● Work instructions: Please print all of the entries, matching them exactly.

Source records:
******

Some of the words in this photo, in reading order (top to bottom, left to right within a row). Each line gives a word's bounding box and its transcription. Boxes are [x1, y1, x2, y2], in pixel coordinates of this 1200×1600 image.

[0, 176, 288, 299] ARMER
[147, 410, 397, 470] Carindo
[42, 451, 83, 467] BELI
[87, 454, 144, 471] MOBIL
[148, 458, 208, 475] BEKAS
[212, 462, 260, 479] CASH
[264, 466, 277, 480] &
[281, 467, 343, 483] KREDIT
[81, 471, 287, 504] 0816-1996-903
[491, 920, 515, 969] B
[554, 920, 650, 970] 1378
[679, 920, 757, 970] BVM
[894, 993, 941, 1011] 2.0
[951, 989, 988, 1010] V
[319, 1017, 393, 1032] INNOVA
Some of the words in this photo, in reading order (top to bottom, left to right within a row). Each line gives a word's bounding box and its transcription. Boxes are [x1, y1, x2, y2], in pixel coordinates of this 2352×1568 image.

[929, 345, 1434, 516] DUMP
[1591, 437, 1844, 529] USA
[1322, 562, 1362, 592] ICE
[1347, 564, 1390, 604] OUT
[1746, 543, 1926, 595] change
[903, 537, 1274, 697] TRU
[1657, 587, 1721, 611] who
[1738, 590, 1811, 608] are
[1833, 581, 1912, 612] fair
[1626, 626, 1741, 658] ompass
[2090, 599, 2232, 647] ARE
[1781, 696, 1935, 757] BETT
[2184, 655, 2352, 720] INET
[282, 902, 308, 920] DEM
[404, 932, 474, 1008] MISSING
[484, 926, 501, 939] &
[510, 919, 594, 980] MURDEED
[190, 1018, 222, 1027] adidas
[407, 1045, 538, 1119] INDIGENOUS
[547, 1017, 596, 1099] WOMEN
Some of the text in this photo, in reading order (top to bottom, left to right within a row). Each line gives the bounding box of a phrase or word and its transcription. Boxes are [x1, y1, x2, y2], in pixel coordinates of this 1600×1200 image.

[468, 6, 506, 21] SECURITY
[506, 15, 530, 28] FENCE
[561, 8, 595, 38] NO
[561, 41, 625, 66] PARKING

******

● Completed task:
Some of the words in this photo, in reading order (top to bottom, left to right within a row). Each line gives a word's bounding box and its transcription. Boxes are [x1, y1, x2, y2], in pixel coordinates of this 1200×1600 image.

[0, 176, 288, 299] ARMER
[147, 410, 397, 470] Carindo
[42, 451, 83, 467] BELI
[87, 454, 144, 471] MOBIL
[148, 458, 208, 475] BEKAS
[212, 462, 260, 479] CASH
[264, 466, 277, 480] &
[281, 467, 343, 483] KREDIT
[81, 471, 287, 504] 0816-1996-903
[491, 920, 515, 969] B
[554, 920, 650, 970] 1378
[679, 920, 757, 970] BVM
[894, 993, 941, 1011] 2.0
[951, 989, 988, 1010] V
[319, 1017, 393, 1032] INNOVA
Some of the words in this photo, in reading order (top to bottom, left to right within a row). Each line gives a word's bounding box and its transcription. Boxes are [x1, y1, x2, y2], in pixel coordinates of this 2352×1568 image.

[929, 345, 1434, 516] DUMP
[1591, 437, 1844, 529] USA
[1322, 562, 1362, 592] ICE
[1347, 564, 1390, 604] OUT
[1746, 543, 1926, 595] change
[903, 537, 1274, 697] TRU
[1657, 587, 1721, 611] who
[1738, 590, 1811, 608] are
[1833, 581, 1912, 612] fair
[1626, 626, 1741, 658] ompass
[2090, 599, 2232, 647] ARE
[1781, 696, 1935, 757] BETT
[2184, 655, 2352, 720] INET
[282, 902, 308, 920] DEM
[404, 932, 474, 1008] MISSING
[484, 926, 501, 939] &
[510, 919, 594, 980] MURDEED
[190, 1018, 222, 1027] adidas
[407, 1045, 538, 1119] INDIGENOUS
[547, 1017, 596, 1099] WOMEN
Some of the text in this photo, in reading order (top to bottom, left to right within a row). Each line gives the bounding box of a phrase or word and its transcription. Boxes are [x1, y1, x2, y2], in pixel coordinates of this 1600×1200 image.

[468, 6, 506, 21] SECURITY
[506, 15, 530, 28] FENCE
[561, 8, 595, 38] NO
[561, 41, 625, 66] PARKING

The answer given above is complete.